#' Converts bibliographic text files extracted from EbscoHost into analyzable data frame
#'
#' @param path path directory for the folder containing text files to be wrangled
#' @param rmDuplicates logical vector indicating whether the function should identify and remove duplicate article records
#' @param firstAbstractOnly locgical vector indicating whether to retain all available abstract fields for a given article record. See front end notation.
#' @param csv logical vector indicating whether the final data frame generated by the function should be saved to the working directory as a .csv file
#'
#' @examples ebscoBWR.f(csv=TRUE, path="C:/Users/JaneDoe/Desktop/EbscoHostTextFiles")

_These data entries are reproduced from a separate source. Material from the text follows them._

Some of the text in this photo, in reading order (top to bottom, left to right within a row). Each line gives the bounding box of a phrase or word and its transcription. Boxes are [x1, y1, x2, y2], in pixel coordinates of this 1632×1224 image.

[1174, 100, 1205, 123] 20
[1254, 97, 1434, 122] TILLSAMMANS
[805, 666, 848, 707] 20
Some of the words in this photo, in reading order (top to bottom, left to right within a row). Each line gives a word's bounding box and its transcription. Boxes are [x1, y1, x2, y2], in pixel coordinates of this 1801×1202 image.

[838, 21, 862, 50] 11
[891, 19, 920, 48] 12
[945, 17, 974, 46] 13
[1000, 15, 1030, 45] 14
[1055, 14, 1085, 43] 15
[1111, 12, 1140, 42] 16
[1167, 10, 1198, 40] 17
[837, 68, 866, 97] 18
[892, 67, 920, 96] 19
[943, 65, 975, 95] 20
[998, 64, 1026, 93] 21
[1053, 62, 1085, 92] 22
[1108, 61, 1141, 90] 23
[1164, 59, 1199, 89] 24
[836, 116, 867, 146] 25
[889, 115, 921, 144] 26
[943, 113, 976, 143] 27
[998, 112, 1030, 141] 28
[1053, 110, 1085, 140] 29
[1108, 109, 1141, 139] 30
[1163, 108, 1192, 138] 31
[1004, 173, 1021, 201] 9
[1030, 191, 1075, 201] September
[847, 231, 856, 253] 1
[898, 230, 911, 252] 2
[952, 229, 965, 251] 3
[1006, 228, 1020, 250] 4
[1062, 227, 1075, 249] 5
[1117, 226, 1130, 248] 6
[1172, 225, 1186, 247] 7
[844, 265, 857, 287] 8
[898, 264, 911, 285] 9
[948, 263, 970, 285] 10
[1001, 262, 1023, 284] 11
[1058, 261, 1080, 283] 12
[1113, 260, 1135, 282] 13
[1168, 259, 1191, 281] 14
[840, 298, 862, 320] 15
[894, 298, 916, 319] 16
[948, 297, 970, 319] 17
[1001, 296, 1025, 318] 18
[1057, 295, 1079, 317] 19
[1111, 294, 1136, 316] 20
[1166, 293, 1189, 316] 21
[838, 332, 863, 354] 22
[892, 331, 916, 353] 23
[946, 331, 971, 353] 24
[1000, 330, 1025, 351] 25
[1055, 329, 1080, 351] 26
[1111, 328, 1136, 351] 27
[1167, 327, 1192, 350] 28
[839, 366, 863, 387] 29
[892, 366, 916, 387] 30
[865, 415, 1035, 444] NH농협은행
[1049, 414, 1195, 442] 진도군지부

#' @note ebsoBWR.f will wrangle all text files present in the path folder.
#'
#' @export
ebscoBWR.f <- function(path, rmDuplicates = TRUE, firstAbstractOnly=TRUE, csv=FALSE){
#_______________________________________________________________________________
# MAIN TO-DO LIST
#-------------------------------------------------------------------------------
#
#
# 4. Include note on importance of naming files to give priority
#
#
#
# 8. Include a quality check at end of later sections to ensure TI and SO
# match and are not reduced in subsequent parsing.
#_______________________________________________________________________________
#_______________________________________________________________________________
# 1a. READ EBSCO txt files
#-------------------------------------------------------------------------------
#
#All files to be wrangled should be saved in a single folder and have a *.txt
#extension. The files must be processed from EbscoHost in the generic
#bibliographic format -- no other file structure will work.
#
#_______________________________________________________________________________
temp <- list.files(path, pattern = ".txt", full.names=TRUE)
readUTF <- function(x){
x <- readLines(x, encoding = "utf-8")
}
dat <- lapply(temp, readUTF)
attributes <- unlist(lapply(dat, function(x) stringi::stri_sub(x, 1,2)))

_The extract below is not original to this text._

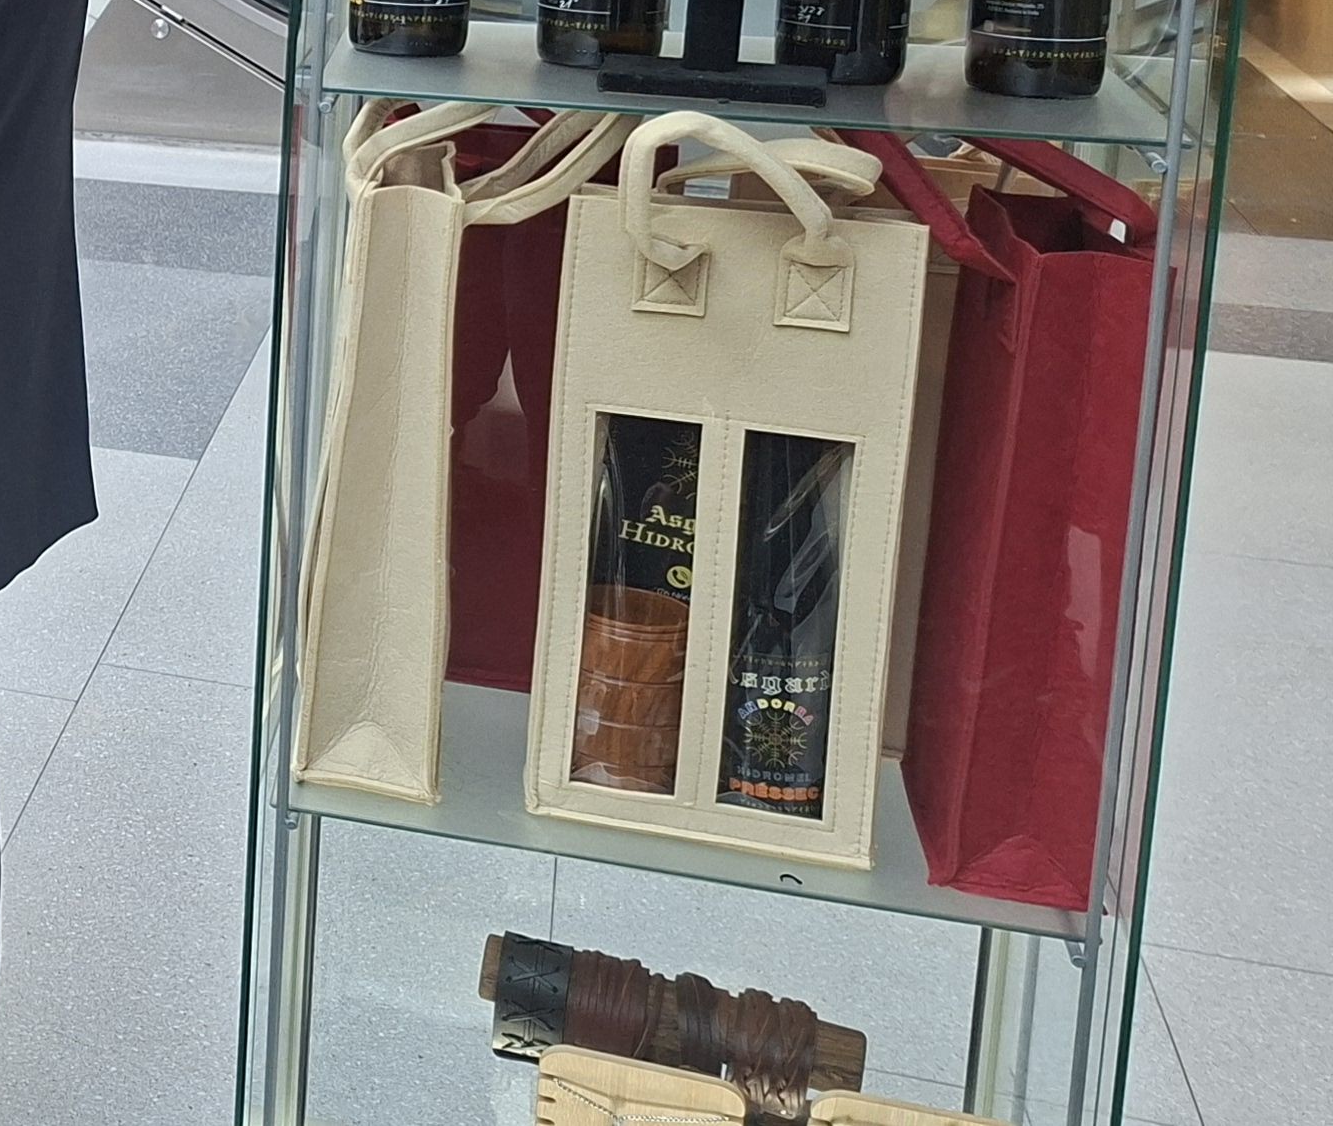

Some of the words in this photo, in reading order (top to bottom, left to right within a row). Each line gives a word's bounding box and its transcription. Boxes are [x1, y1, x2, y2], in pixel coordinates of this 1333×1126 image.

[645, 505, 696, 536] Asg
[618, 519, 695, 554] HIDRO
[730, 670, 830, 696] sgard
[738, 698, 814, 726] ANDORRA

attributes.df <- data.frame(attributes)
#Extracts the character string in "dat" beginning with the fifth character(attribute codes and
#punctuation are contained in characters 1-4). These character strings are the record values.
record <- substring(unlist(dat), 5)
record.df <- data.frame(record)
DF <- cbind(attributes.df, record.df)
DF <- data.frame(lapply(DF, as.character), stringsAsFactors = FALSE)
#_______________________________________________________________________________
# 1b. Create article IDs
#-------------------------------------------------------------------------------
#
#Each article record contains a set of attributes related to the scholarly article including
#title, journal, author, author affilitation, year published,location in which the research
#was conducted, page length, etc. To be able to retrieve all available data for a given article
# record, the same articleID is assigned to all attributes of that record.
#_______________________________________________________________________________
#Most article records are divided by a blank row, however this is not always the case. The
#following code assesses for a blank row following an article record which always ends with
#the UR attribute field. If a blank row is not present following an article record, one will
#be added.
blank <- c("", "", "")
DF <- rbind(blank, DF)
DF.temp <- DF
DF.temp$tempID <- as.numeric(1:length(DF.temp$attributes))
x1 <- which(DF.temp$attributes == "UR")
x2 <- x1+1
DF.x2 <- DF.temp[x2, ]
duplicate <- filter(DF.x2, attributes != "")
ID <- as.numeric(duplicate$tempID)
ID.placement <- as.numeric(ID - 0.5)
blank.rows <- rep("", length(ID.placement))
blank.frame <- cbind(blank.rows, blank.rows)
blank.frame <- as.data.frame(cbind(blank.frame, as.numeric(ID.placement)))
colnames(blank.frame) <- c("attributes", "record", "tempID")
blank.frame$tempID <- as.character(blank.frame$tempID)
blank.frame$tempID <- as.numeric(blank.frame$tempID)
DF.temp <- rbind(DF.temp, blank.frame)
DF.temp <- DF.temp[order(DF.temp$tempID),]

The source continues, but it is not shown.